:: DATA EXTRACTS

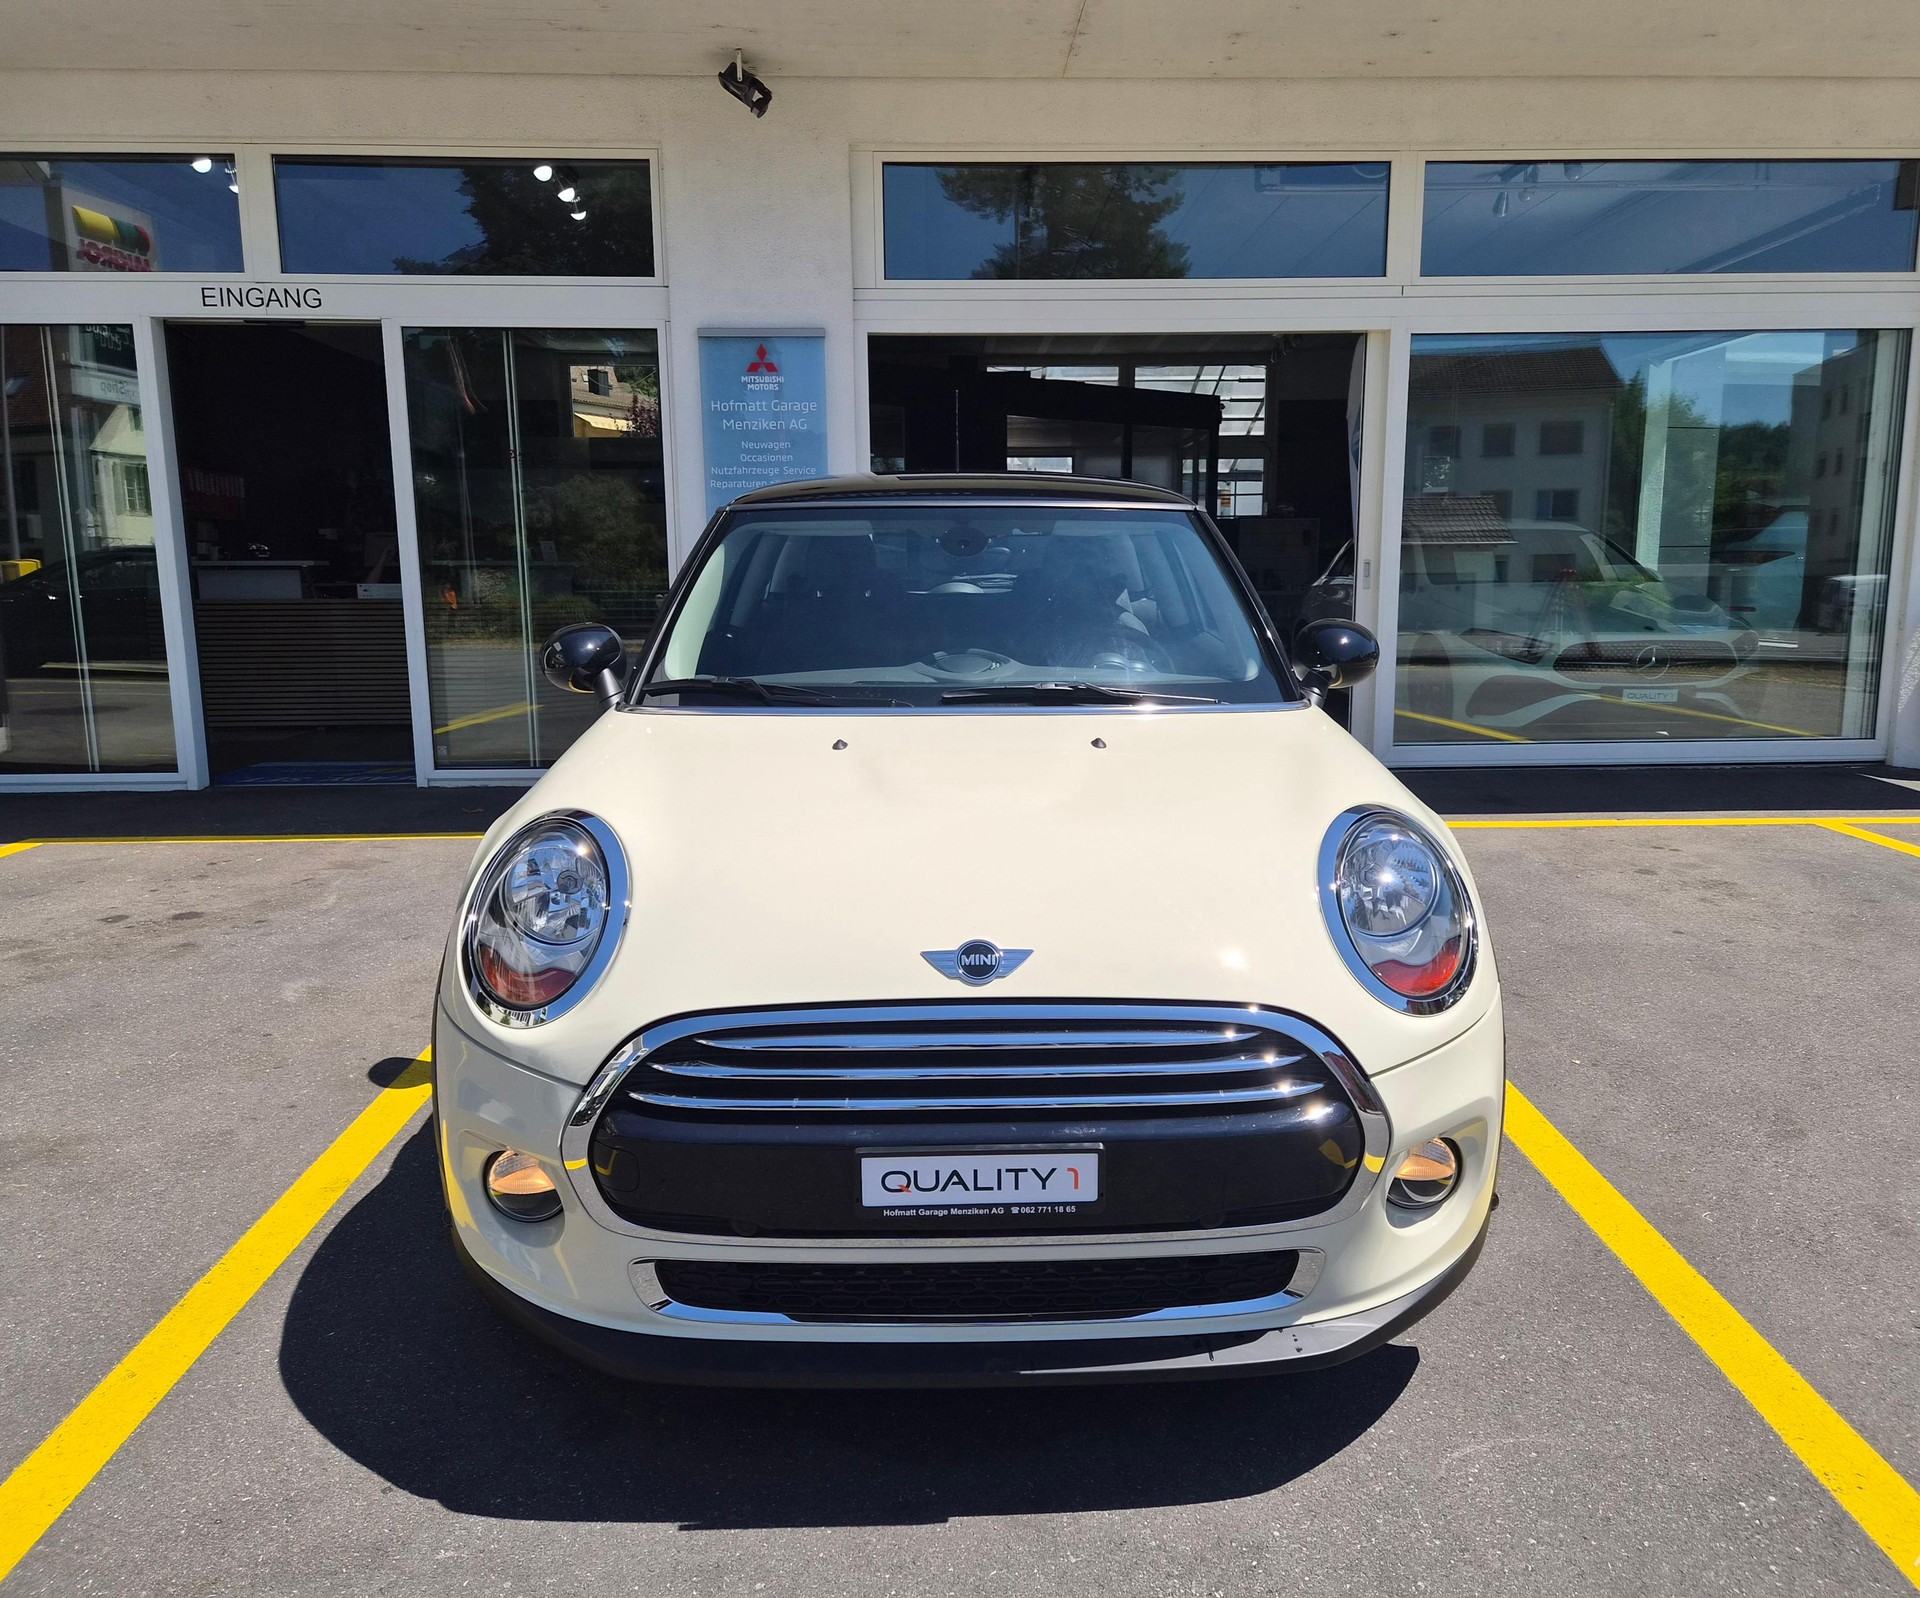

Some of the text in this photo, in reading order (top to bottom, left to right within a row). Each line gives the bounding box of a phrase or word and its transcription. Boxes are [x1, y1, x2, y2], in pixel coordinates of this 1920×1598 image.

[201, 287, 322, 309] EINGANG
[747, 383, 779, 391] MOTORS
[711, 400, 818, 413] Hofmatt Garage
[722, 418, 808, 430] Menziken AG
[741, 441, 791, 450] Neuwagen
[740, 453, 793, 462] Occasionen
[711, 466, 816, 476] Nutzfahrzeuge Service
[710, 480, 768, 489] Reparaturen
[961, 953, 996, 966] MINI
[880, 1167, 1081, 1193] QUALITY 1
[883, 1205, 1076, 1217] Hofmatt Garage Menziken AG 062 771 18 65
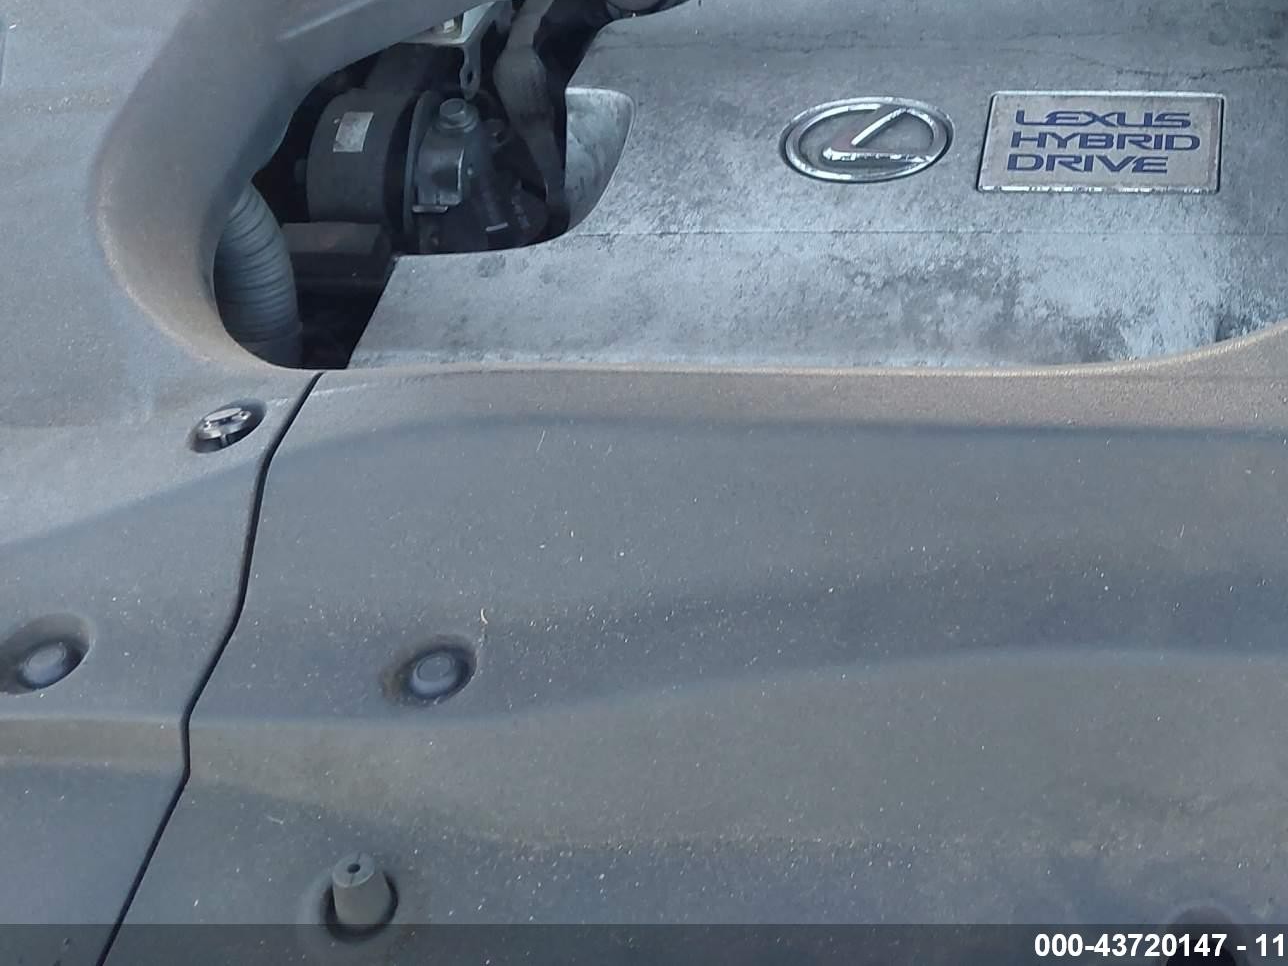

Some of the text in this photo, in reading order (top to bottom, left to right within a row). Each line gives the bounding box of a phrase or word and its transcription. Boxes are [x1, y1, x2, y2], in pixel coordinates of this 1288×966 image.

[1015, 110, 1192, 129] LEXUS
[1010, 132, 1201, 151] HYBRID
[1006, 153, 1169, 174] DRIVE

::::

In your answer, repeat all the entries exactly, but leave out the pictures.

### RESULT FOR THIS TASK
Some of the text in this photo, in reading order (top to bottom, left to right within a row). Each line gives the bounding box of a phrase or word and its transcription. Boxes are [x1, y1, x2, y2], in pixel coordinates of this 1920×1598 image.

[201, 287, 322, 309] EINGANG
[747, 383, 779, 391] MOTORS
[711, 400, 818, 413] Hofmatt Garage
[722, 418, 808, 430] Menziken AG
[741, 441, 791, 450] Neuwagen
[740, 453, 793, 462] Occasionen
[711, 466, 816, 476] Nutzfahrzeuge Service
[710, 480, 768, 489] Reparaturen
[961, 953, 996, 966] MINI
[880, 1167, 1081, 1193] QUALITY 1
[883, 1205, 1076, 1217] Hofmatt Garage Menziken AG 062 771 18 65

Some of the text in this photo, in reading order (top to bottom, left to right within a row). Each line gives the bounding box of a phrase or word and its transcription. Boxes are [x1, y1, x2, y2], in pixel coordinates of this 1288×966 image.

[1015, 110, 1192, 129] LEXUS
[1010, 132, 1201, 151] HYBRID
[1006, 153, 1169, 174] DRIVE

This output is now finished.